La commission rejette les amendements.
Suivant l'avis du rapporteur, elle rejette l'amendement CE1804 de M. Stéphane Delautrette.
Amendement CE1313 de M. Philippe Schreck
Dans la mesure où le transfert des compétences eau et assainissement aux intercommunalités ne sera obligatoire qu'en 2026, il nous semble important de laisser aux communes les ayant conservées la possibilité de donner mandat aux départements pour construire les ouvrages mentionnés à l'article 18.
La loi ne s'appliquera certes qu'à compter de 2026, mais il ne vous aura pas échappé que nous sommes en 2024, et la création des ouvrages visés par l'article prendra du temps. En adoptant cet amendement, nous créerions une instabilité juridique peu souhaitable. Avis défavorable.
La loi permet aux communautés de communes de sous-traiter la compétence eau aux communes. Je me demande donc si, en conservant la rédaction actuelle, nous ne risquons pas de créer l'instabilité juridique que vous redoutez pour les communes concernées.
La commission rejette l'amendement.
Suivant l'avis du rapporteur, elle rejette l'amendement CE297 de M. Vincent Descoeur.
La commission adopte l'article 18 non modifié.
Après l'article 18
Suivant l'avis du rapporteur, la commission rejette successivement les amendements CE2134 de M. Dominique Potier et CE1863 de Mme Anaïs Sabatini.
Article 19 : Règles relatives à la représentativité des organisations professionnelles d'employeurs propres au secteur agricole
La commission adopte l'amendement rédactionnel CE3392 de M. Pascal Lavergne, rapporteur.
Suivant l'avis du rapporteur, elle rejette l'amendement CE1958 de M. Philippe Naillet.
Elle adopte l'amendement rédactionnel CE3393 de M. Pascal Lavergne, rapporteur.
Amendements identiques CE2083 de M. David Taupiac et CE3054 de Mme Marie Pochon
L'amendement vise à interpeller le ministre sur un décret en cours de préparation, qui viendra modifier les règles de répartition des financements publics des syndicats d'exploitants agricoles, dans le contexte des élections aux chambres d'agriculture qui se tiendront l'année prochaine. Où en est la rédaction de ce décret ? Nous devrons veiller à garantir le pluralisme des syndicats représentés au sein de ces instances.
Le projet de loi prévoit de renforcer les compétences des chambres consulaires que sont les chambres d'agriculture, notamment l'exercice de leurs missions de service public. C'est en ce sens que nous, parlementaires, devons assurer le juste financement des organisations syndicales d'exploitants agricoles et leur juste représentation au sein de ces instances.
Les critères d'appréciation de leur représentativité, les modalités de représentation dans les différentes instances et la clef de répartition des financements publics entre syndicats sont fixés par décret. Ces règles sont souvent remaniées à l'approche des élections aux chambres d'agriculture, en vertu d'une simple décision politique émanant du ministère de tutelle. Cette année encore, il semble que nous n'échappions pas à ce procédé. Même si le ministre s'est engagé en décembre dernier devant la commission des affaires économiques à ce que le pluralisme soit garanti par le futur décret, il serait bon de conforter ce principe dans la loi.
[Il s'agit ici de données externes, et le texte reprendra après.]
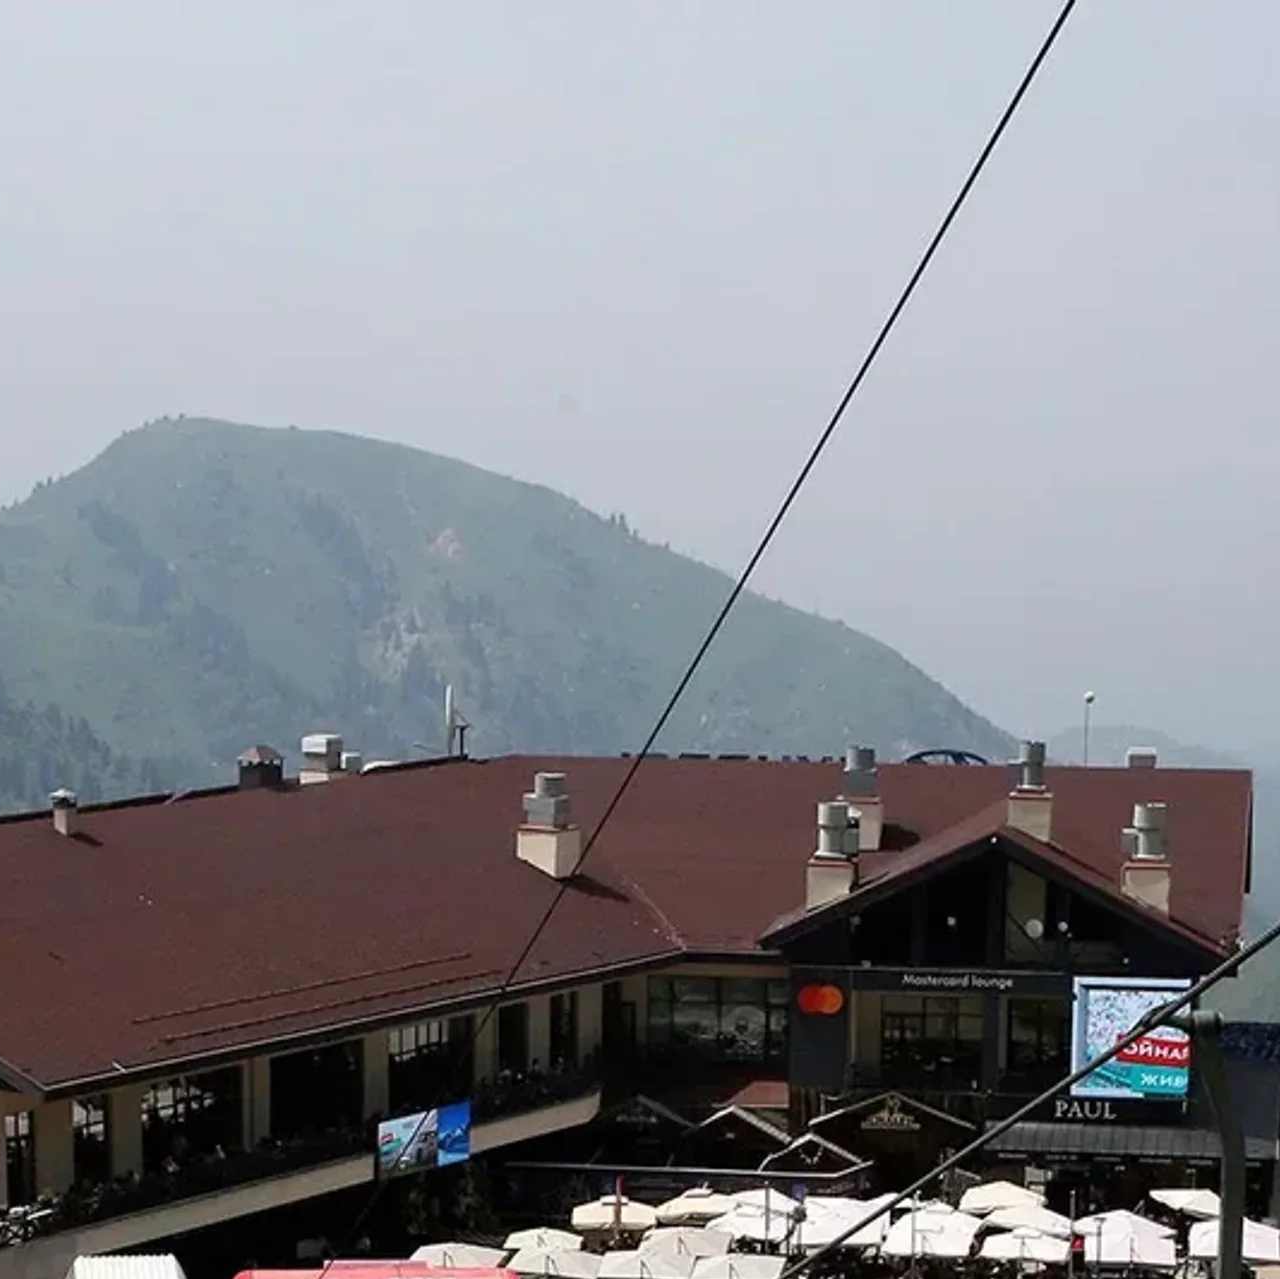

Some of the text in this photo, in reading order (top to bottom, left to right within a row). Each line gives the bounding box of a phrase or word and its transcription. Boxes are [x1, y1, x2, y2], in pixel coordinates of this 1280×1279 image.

[901, 974, 1013, 990] Mastercard lounge
[1055, 1100, 1117, 1120] PAUL
On s'éloigne ici quelque peu de l'objet de l'article 19, qui porte sur la représentativité nationale et multi-professionnelle des organisations professionnelles d'employeurs. Avis défavorable.
Même avis. Cette disposition relève du domaine réglementaire. En revanche, je réaffirme la nécessité d'assurer le pluralisme au sein des chambres d'agriculture, principe que nous avons d'ailleurs veillé à intégrer dans le présent texte.
Les chambres d'agriculture obéissent aux mêmes modalités d'élection que les communes, où elles me semblent fonctionner correctement.
La commission rejette les amendements.
Elle adopte l'article 19 modifié.
Après l'article 19
Amendements identiques CE901 de M. Julien Dive, CE1524 de M. Dominique Potier et CE2110 de M. Frédéric Descrozaille
Je présenterai simultanément les amendements CE2110, CE2107, CE2108 et CE2111. Ils visent à simplifier la vie des organisations interprofessionnelles demandant une extension d'accord. Depuis l'adoption de la loi Egalim 1, on demande beaucoup à ces organisations, indispensables pour structurer les filières.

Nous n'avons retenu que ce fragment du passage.